Monday, May 22, 2006

BOOK: David Clay Large, "Where Ghosts Walked"

David Clay Large: Where Ghosts Walked: Munich's Road to the Third Reich. New York: W. W. Norton and Company, 1997. 039303836X. xxvi + 406 pp.

I probably wouldn't have bought this book if I hadn't had the opportunity to get it so cheaply, only $9 from an eBay seller (from whom I bought several other books at the same time and had the whole lot shipped by surface mail M-bag, so that shipping was dirt cheap too). Yes, yes, I can see you muttering under your breath right now, ‘look at the damned philistine, the first thing he has to say about the book is the price’; but the reason for this is that I'm trying to better explain (to myself, above all) why I bought and read this book. It's not a bad book, nor uninteresting, nor poorly written; but if I had to pay amazon's price for it ($20 currently, plus shipping), I wouldn't have bought it (nor missed it), or if I had bought it nevertheless, I would be somewhat disappointed and would think the money poorly spent. I just didn't find it that interesting or that pleasant a read.

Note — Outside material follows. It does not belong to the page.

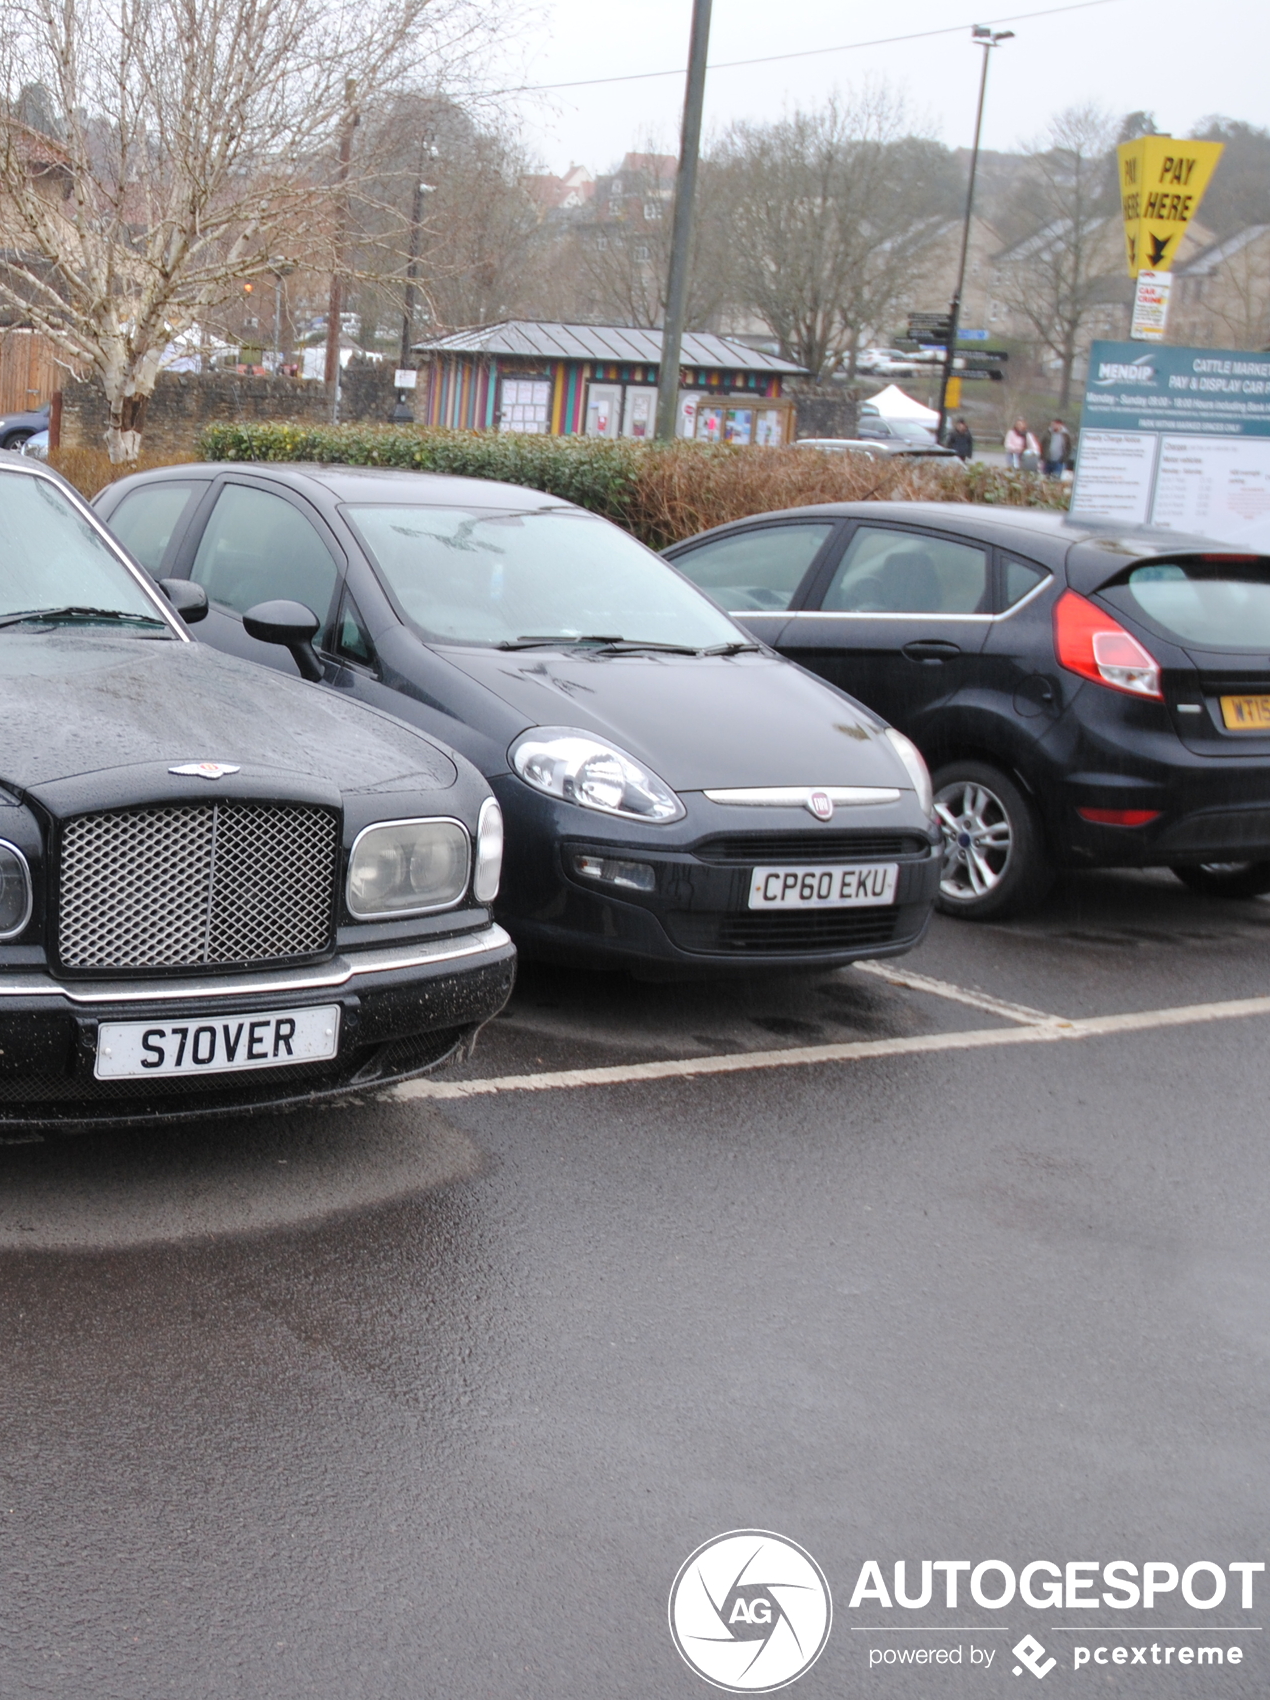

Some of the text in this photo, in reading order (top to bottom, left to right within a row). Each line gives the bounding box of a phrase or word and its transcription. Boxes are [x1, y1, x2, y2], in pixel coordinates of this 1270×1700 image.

I am, in principle, interested in the origins of Nazism and of the Third Reich. I read Richard Evans' Coming of the Third Reich with great interest some time ago. I am particularly interested in the cultural milieu that made the population of Germany so susceptible to Nazi ideology; and not just the masses, the lower middle class, but also the solid middle class and the elites. This, I think, is the chief reason why I decided to read this book, for its dust jacket promises: “Large's account begins in Munich's ‘golden age,’ the four decades before World War I, when the city's artists and writers produced some of the outstanding works of the modernist spirit. But there was a dark side, a protofascist cultural heritage that would tie Hitler's movement to the soul of the city. Large prowls this volatile world, its eccentric poets and publishers, its salons and seamy basement meeting places. In this hothouse atmosphere attacks on cosmopolitan modernity and political liberalism flourished, along with a virulent anti-Semitism and German nationalism.”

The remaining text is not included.